Bruce Yonemoto’s imaginative and theoretically-informed media artworks explore the interconnectedness of cinema and politics, and the key role that visual culture plays in both describing and executing the colonization of non-Western cultures. Through film, video, and objects, Yonemoto plays with the conventions of Hollywood and Post-War American iconography, incorporating narrative, kitsch, and formal experimentation. Yonemoto is renown as a pioneering media artist and leader in Asian-American cultural circles, particularly for twenty years of collaborative practice with his brother, Norman Yonemoto.

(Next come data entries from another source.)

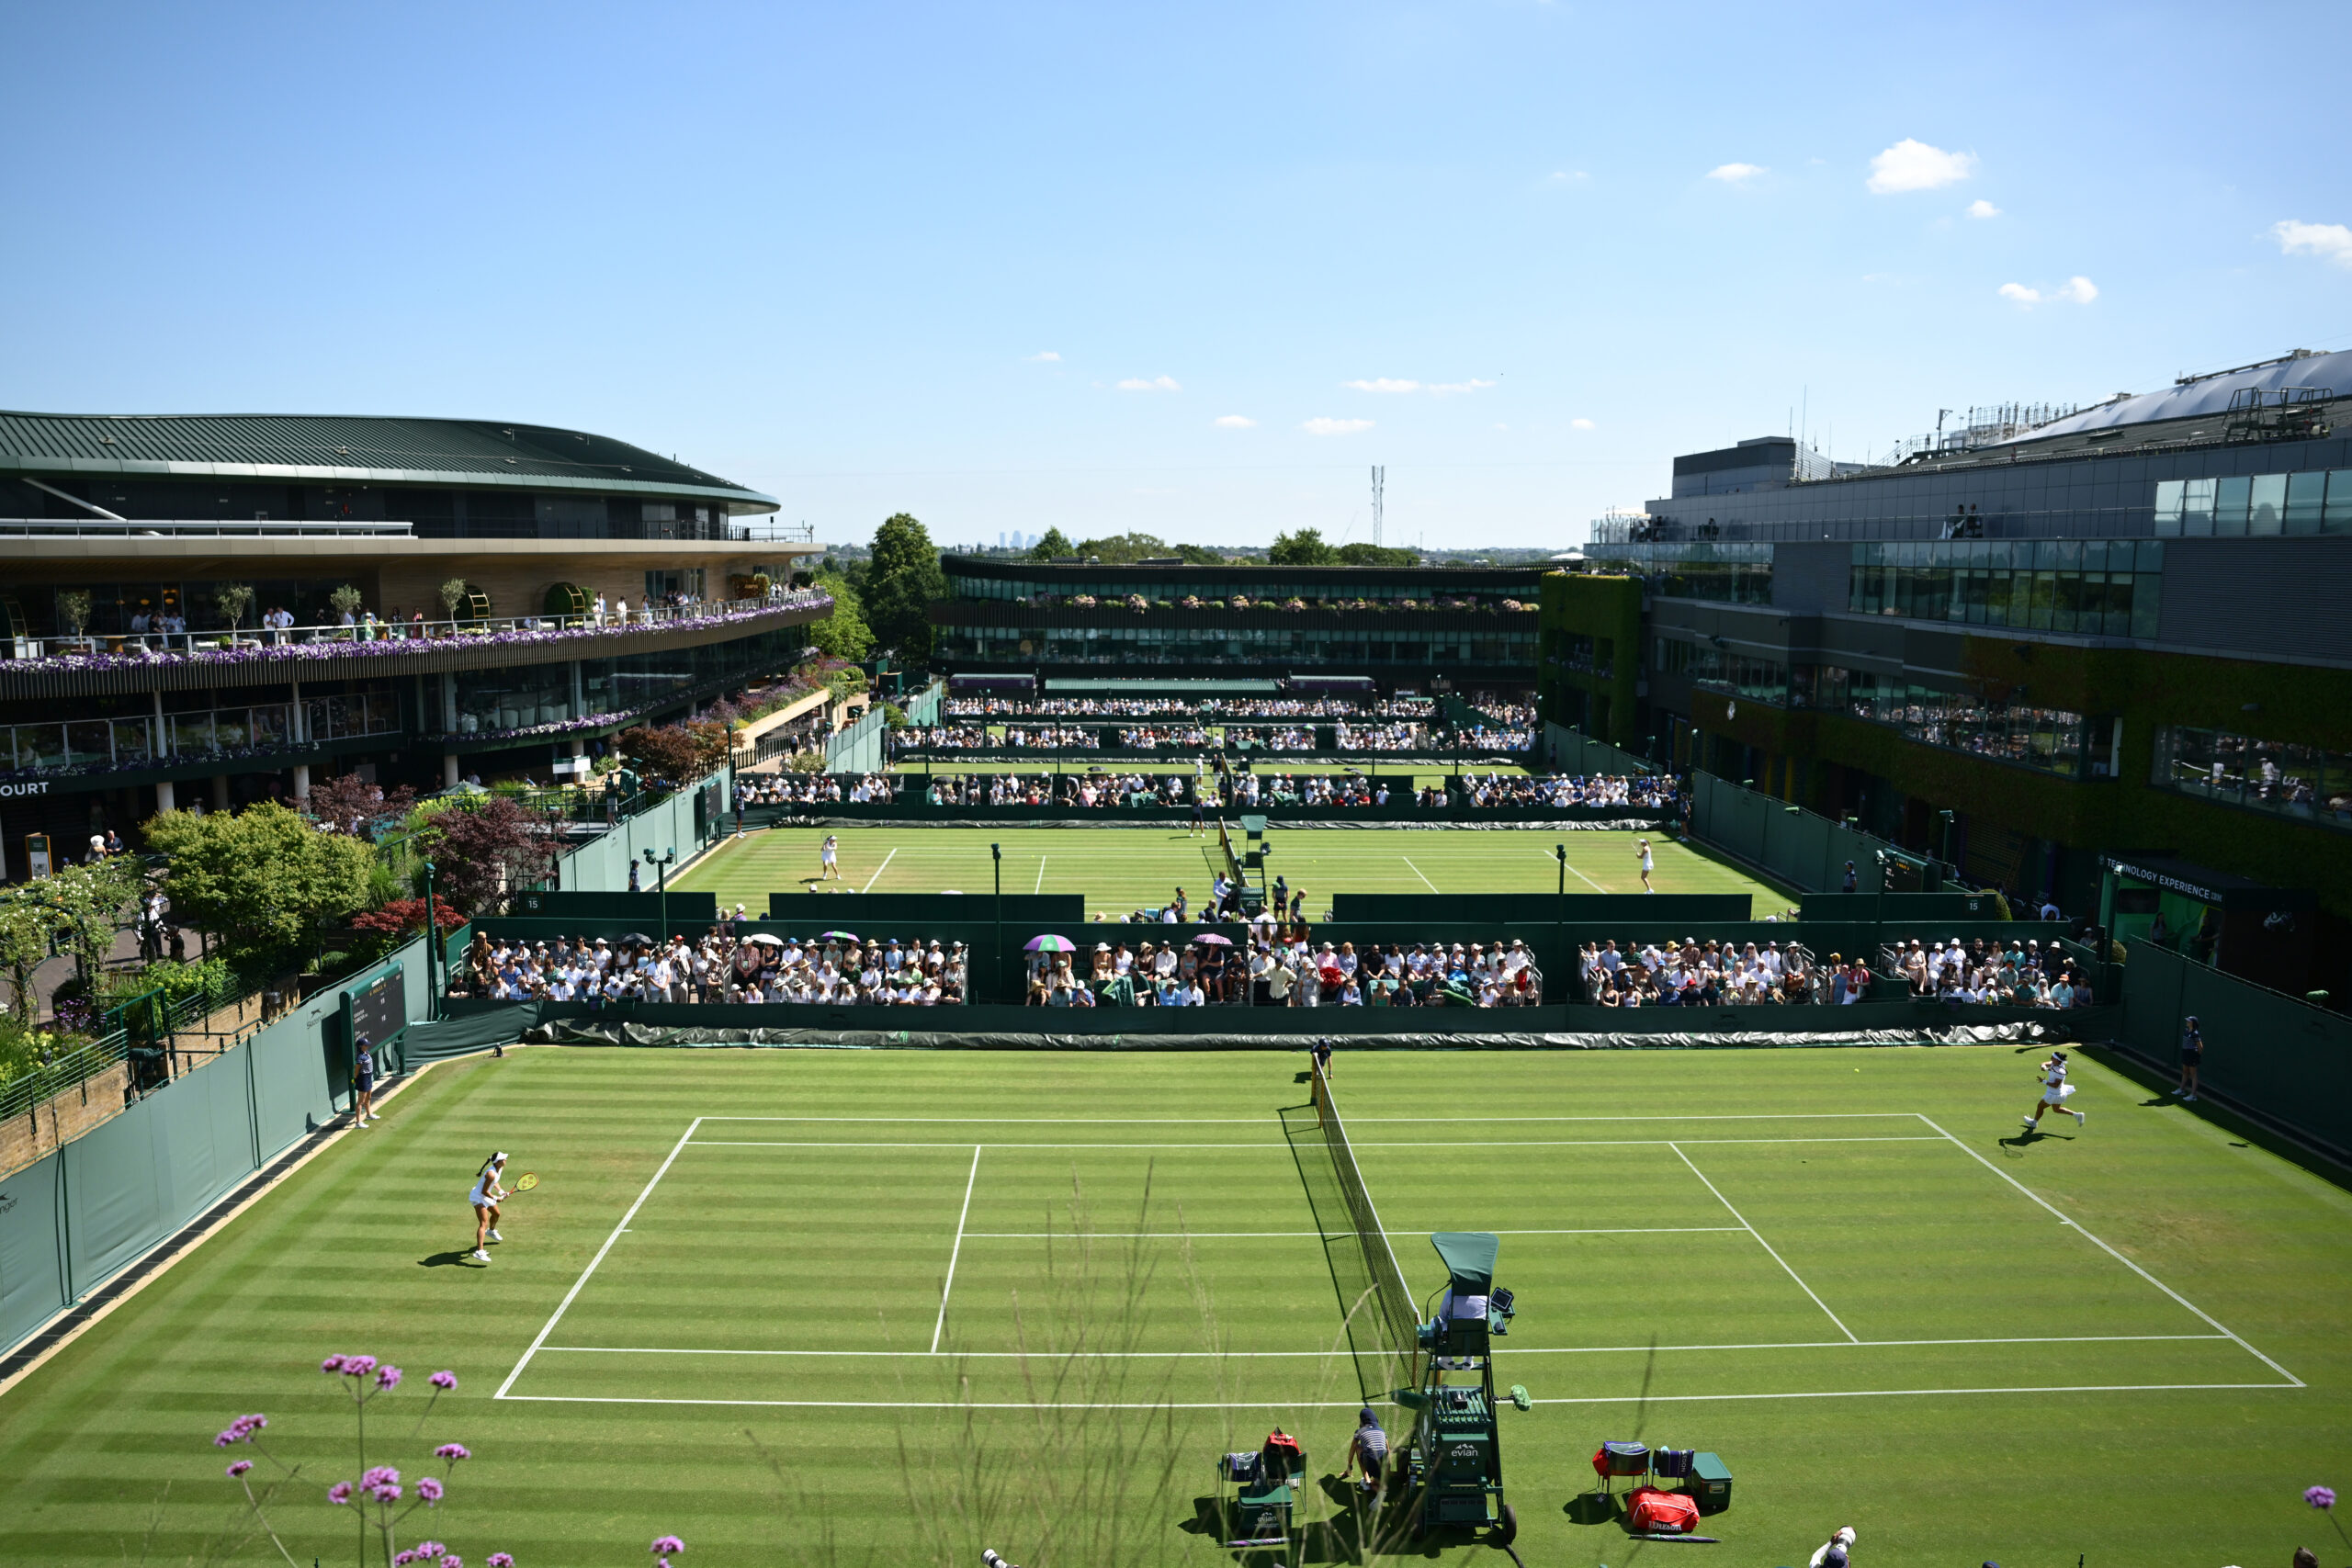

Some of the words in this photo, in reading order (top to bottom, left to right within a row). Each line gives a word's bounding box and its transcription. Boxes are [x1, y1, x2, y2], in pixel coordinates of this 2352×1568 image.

[0, 782, 50, 796] OURT
[2159, 874, 2211, 899] EXPERIENCE
[528, 900, 538, 908] 15
[1969, 902, 1978, 910] 15
[1451, 1449, 1478, 1457] evian
[1648, 1520, 1682, 1531] Wilson

Yonemoto's work has been exhibited internationally, including individual exhibitions at Tomio Koyama Gallery, Tokyo; Blum & Poe, Los Angeles; the Kemper Museum of Contemporary Art, Kansas City, MO; the Institute of Contemporary Art, Philadelphia; the Wexner Center for the Arts, Columbus, OH; and the Santa Monica Museum of Art, CA. His work has been included in numerous biennials, including the Corcoran Biennial (2002); Fukui International Video Biennale (1993); the Whitney Biennial (1993, 1987). In 1999, the Japanese American National Museum in Los Angeles presented a retrospective exhibition of Bruce and Norman Yonemoto’s work. Recent exhibitions include Sounds Like the Sound of Music at the Santa Barbara Contemporary Art Forum (2008), Exile of the Imaginary at the Generali Foundation, Vienna (2007) and In Other Words at Bard College, Center for Curatorial Studies (2006). Bruce Yonemoto is Professor and Chair of Studio Art at the University of California, Irvine. He is a 2008 recipient of a Creative Capital Foundation grant.